## Your instructions
Write the records out again exactly, but without pictures.

## Data to process
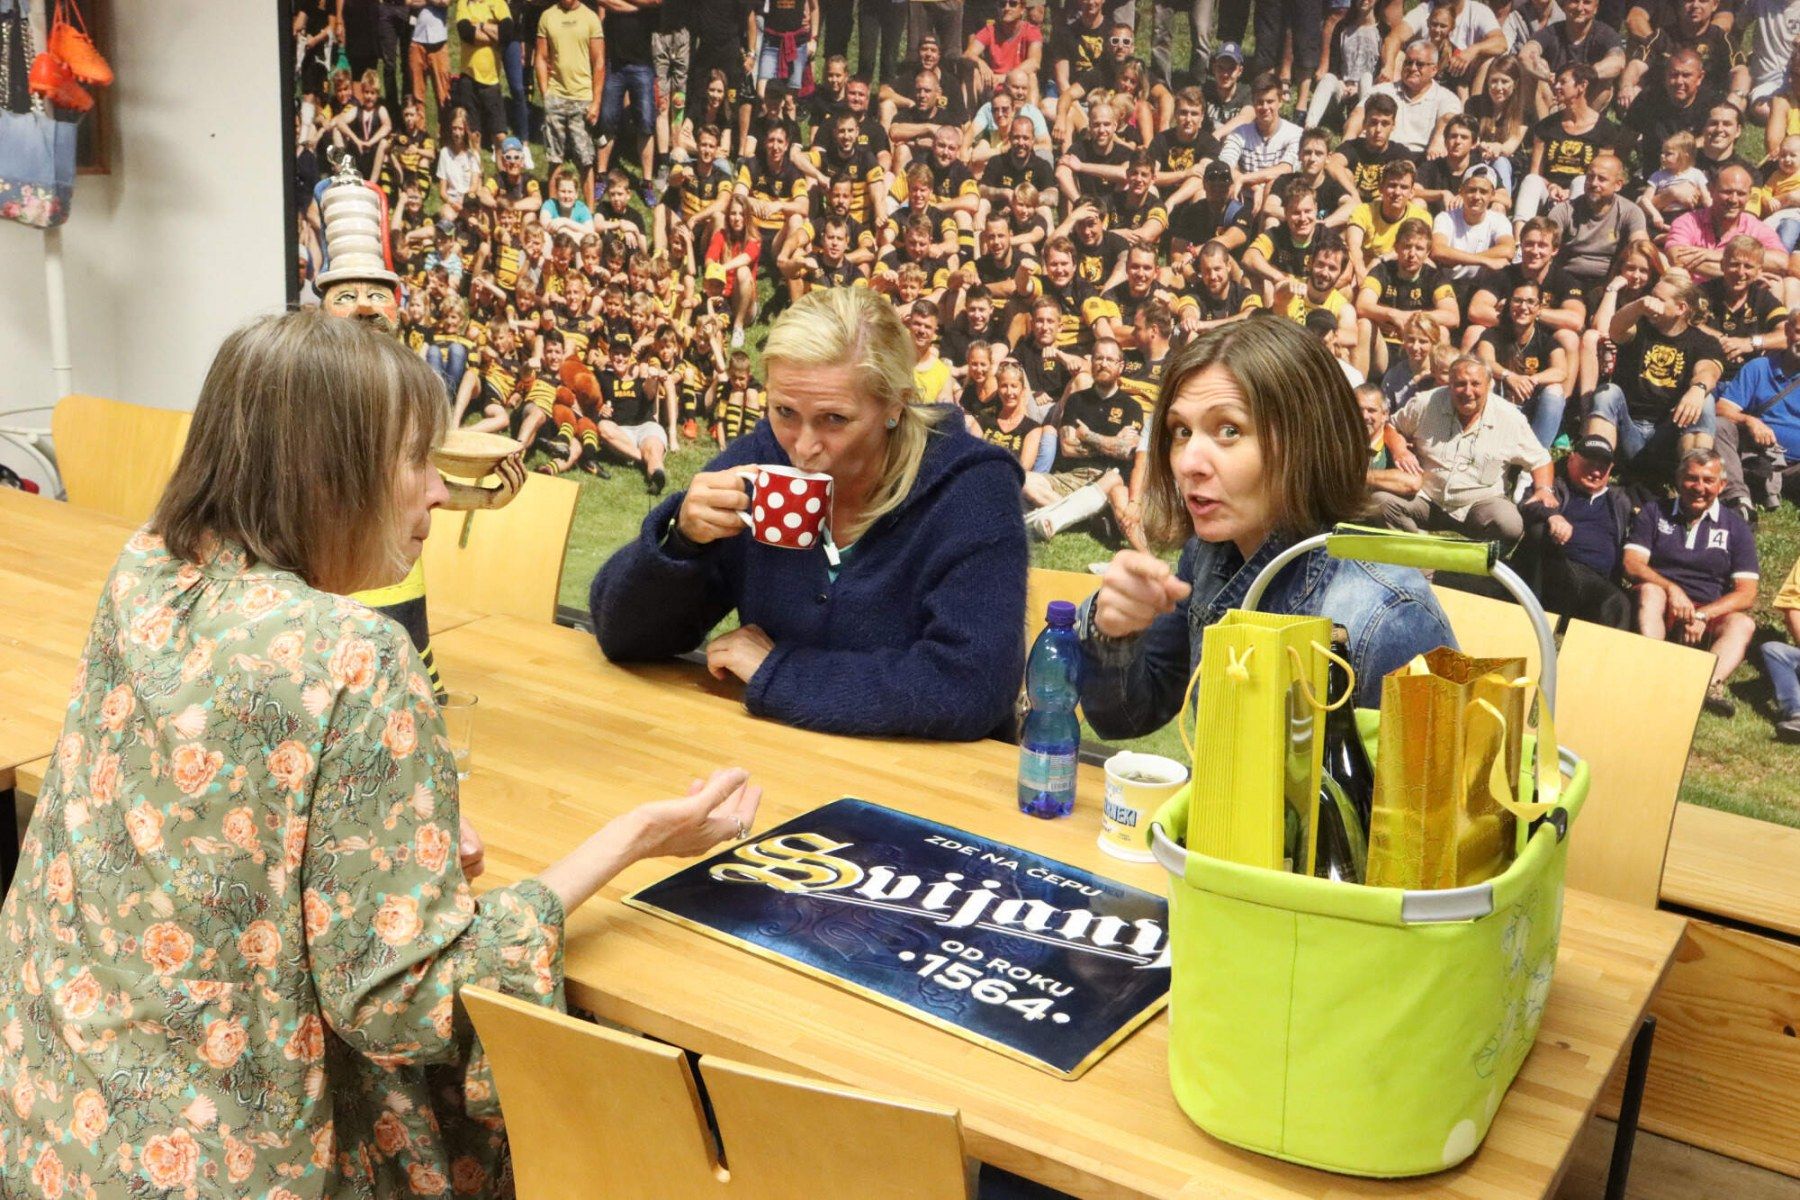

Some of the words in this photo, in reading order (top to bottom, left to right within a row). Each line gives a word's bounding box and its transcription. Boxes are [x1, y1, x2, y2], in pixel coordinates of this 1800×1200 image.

[1713, 531, 1725, 546] 4
[924, 834, 975, 858] ZDE
[984, 851, 1019, 872] NA
[1028, 863, 1105, 899] ČEPU
[709, 832, 1171, 969] Svijany
[940, 939, 985, 963] OD
[995, 957, 1075, 999] ROKU

## Solution for this task
Some of the words in this photo, in reading order (top to bottom, left to right within a row). Each line gives a word's bounding box and its transcription. Boxes are [x1, y1, x2, y2], in pixel coordinates of this 1800×1200 image.

[1713, 531, 1725, 546] 4
[924, 834, 975, 858] ZDE
[984, 851, 1019, 872] NA
[1028, 863, 1105, 899] ČEPU
[709, 832, 1171, 969] Svijany
[940, 939, 985, 963] OD
[995, 957, 1075, 999] ROKU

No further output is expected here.